MUSAC presents …visibleinvisible, British artist Cerith Wyn Evans first solo show in Spain
Exhibition Title: …visibleinvisible
Artist: Cerith Wyn Evans (1958, Llanelli-Gales, GB)
Curator: Octavio Zaya
Coordination: Marta Gerveno
Venue: Salas 4.1, 4.2, 5 y 6
Dates: January 26th – May 4th, 2008
With the support of British Council
MUSAC, Museo de Arte Contemporáneo de Castilla y León, presents …visibleinvisible, the first solo exhibition in Spain of British artist Cerith Wyn Evans. Both this show, whi ch is curated by Octavio Zaya, and the monographic book that will be published for the occasion overview the sophis ticated work of this key figure in the European art scene.
The artistic career of Cerith Wyn Evans (1958, Llanelli-Wales, UK) began to unfold during the late 1970s in London’s underground scene, when he worked in close collaboration with the well-known British filmmakers Derek Jarman and John Maybury, as one of the protagonists of the avant-garde film movement then known as “New Romantics”. During the decade of the 80s Evans concentrated on a series of experimental films, though he did not cease to collaborate with other legendary choreographers and artists such as Michael Clark, Leigh Bowery, Throbbing Gristle, The Smiths and The Fall. Starting in 1990, and after discovering (1975) and being inspired by the work of Marcel Broodthaers, he extended his means of expression, striving to produce the installations that would make him so influential. He has also been a professor at the Architectural Association of London, the British capital in which he currently lives and works.
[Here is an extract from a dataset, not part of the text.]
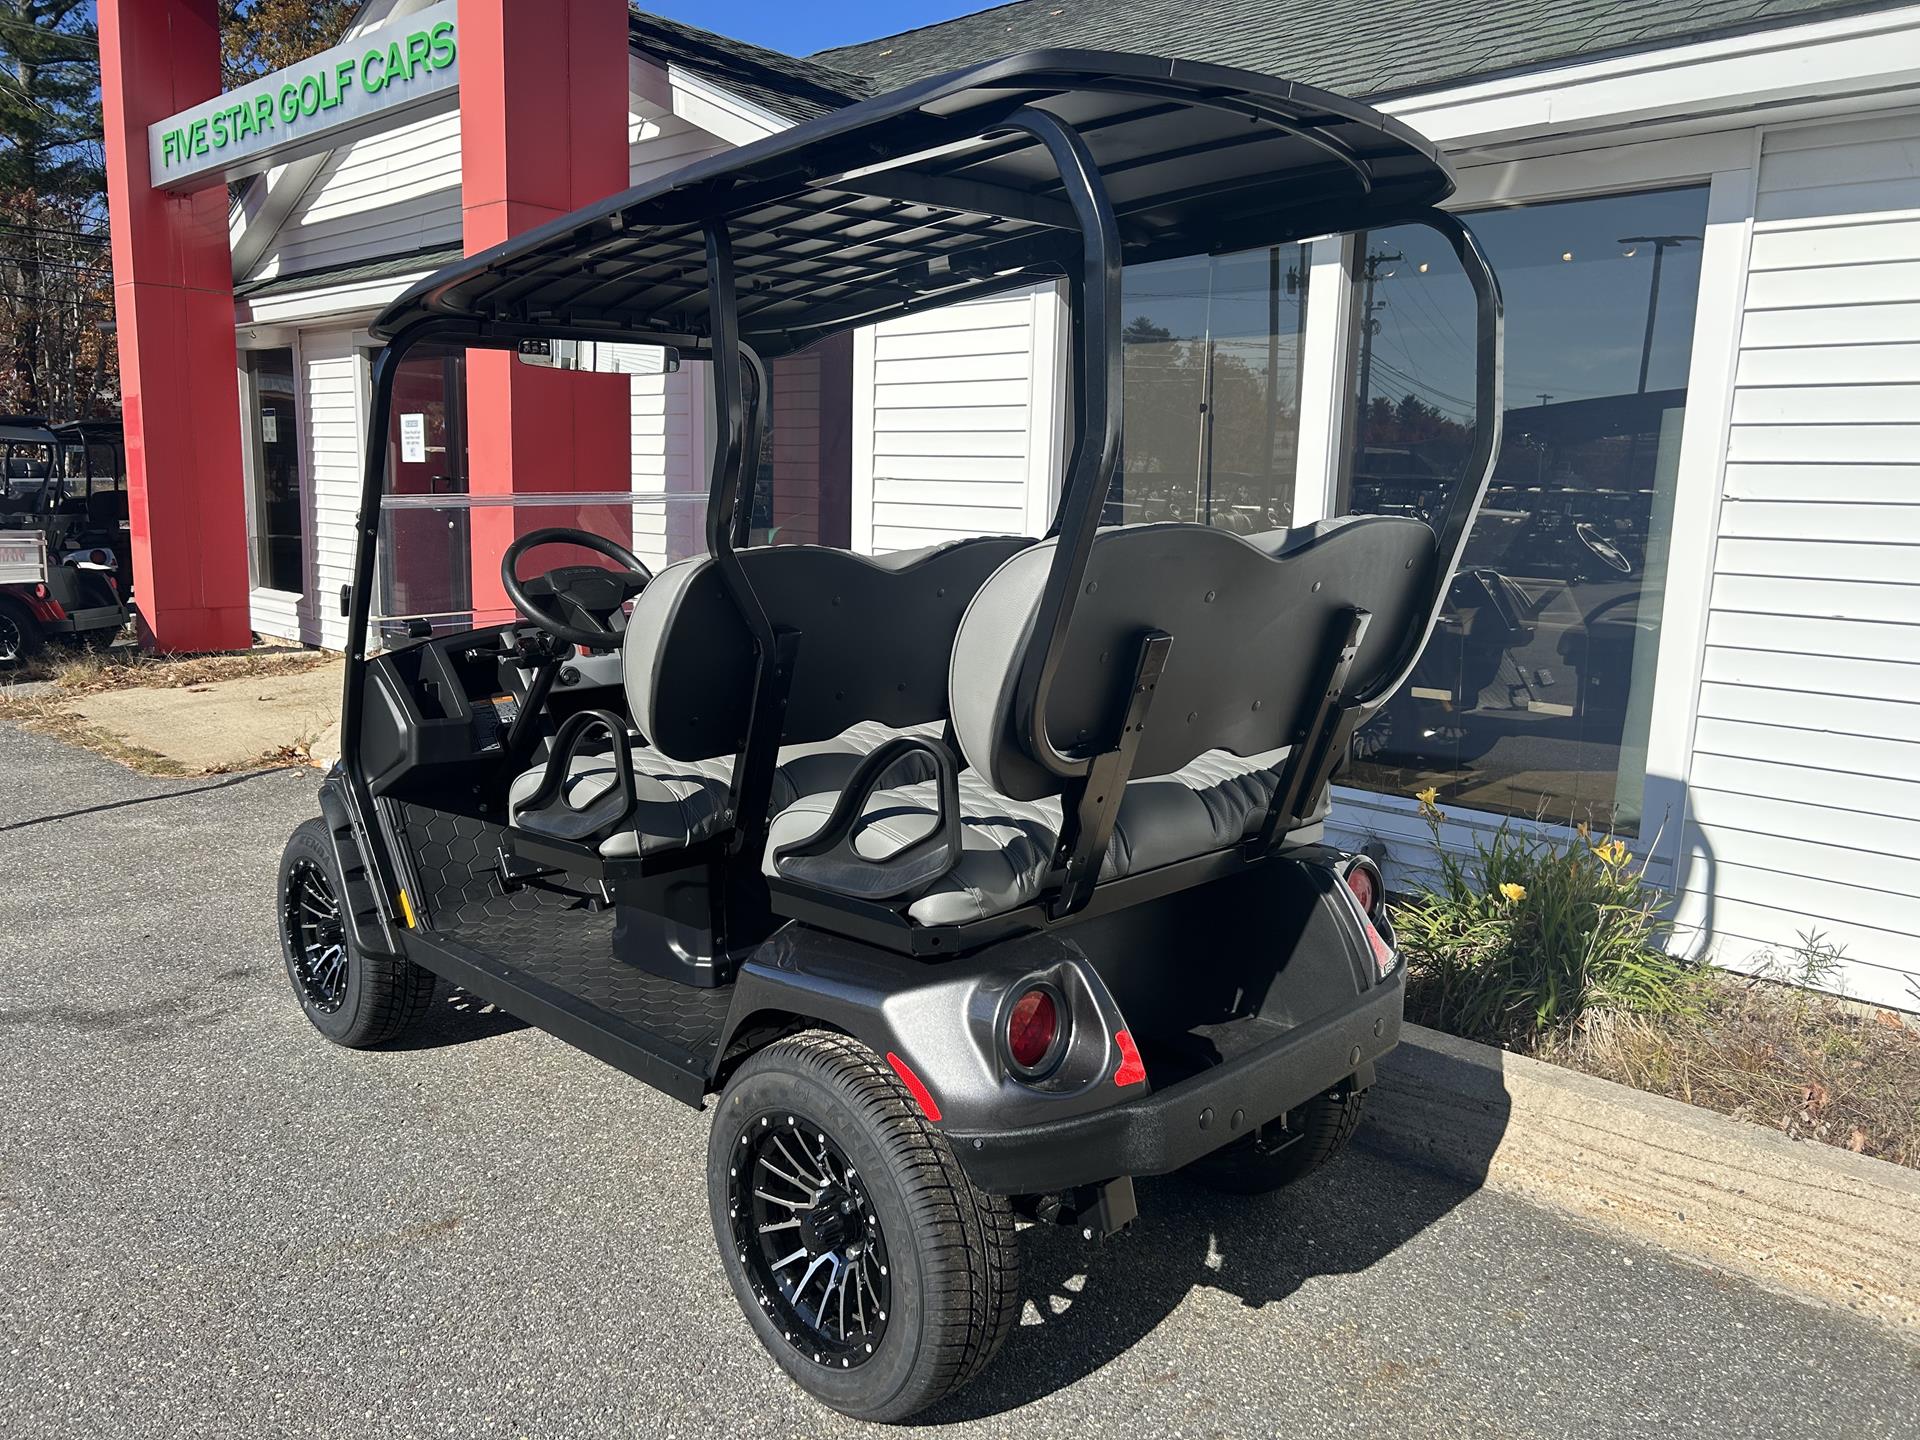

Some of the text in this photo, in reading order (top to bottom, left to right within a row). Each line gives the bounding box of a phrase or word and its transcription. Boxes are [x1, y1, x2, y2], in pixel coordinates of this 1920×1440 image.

In recent years, Evans has become a key figure on the London art scene, and his sophisticated work —and its disposition to connect and relate through evocations and encryption— has inspired many outstanding artists of the latest generation. This work is unmistakably conceived through its critical and historical relation to the possibilities and vicissitudes of film, as well as writing. In any event, he has taken from them the unusual relations between space, light, language and objects, in addition to their seductiveness and indecisiveness. However, while his pieces and installations make use of a wide array of genres, media and discourses, both high and low, there is always a certain amount of disdain for what is accessible; there is always some opacity, and the experience of the work seems to imply an acceptance of the impossibility of immediacy and coherence in the world of appearances.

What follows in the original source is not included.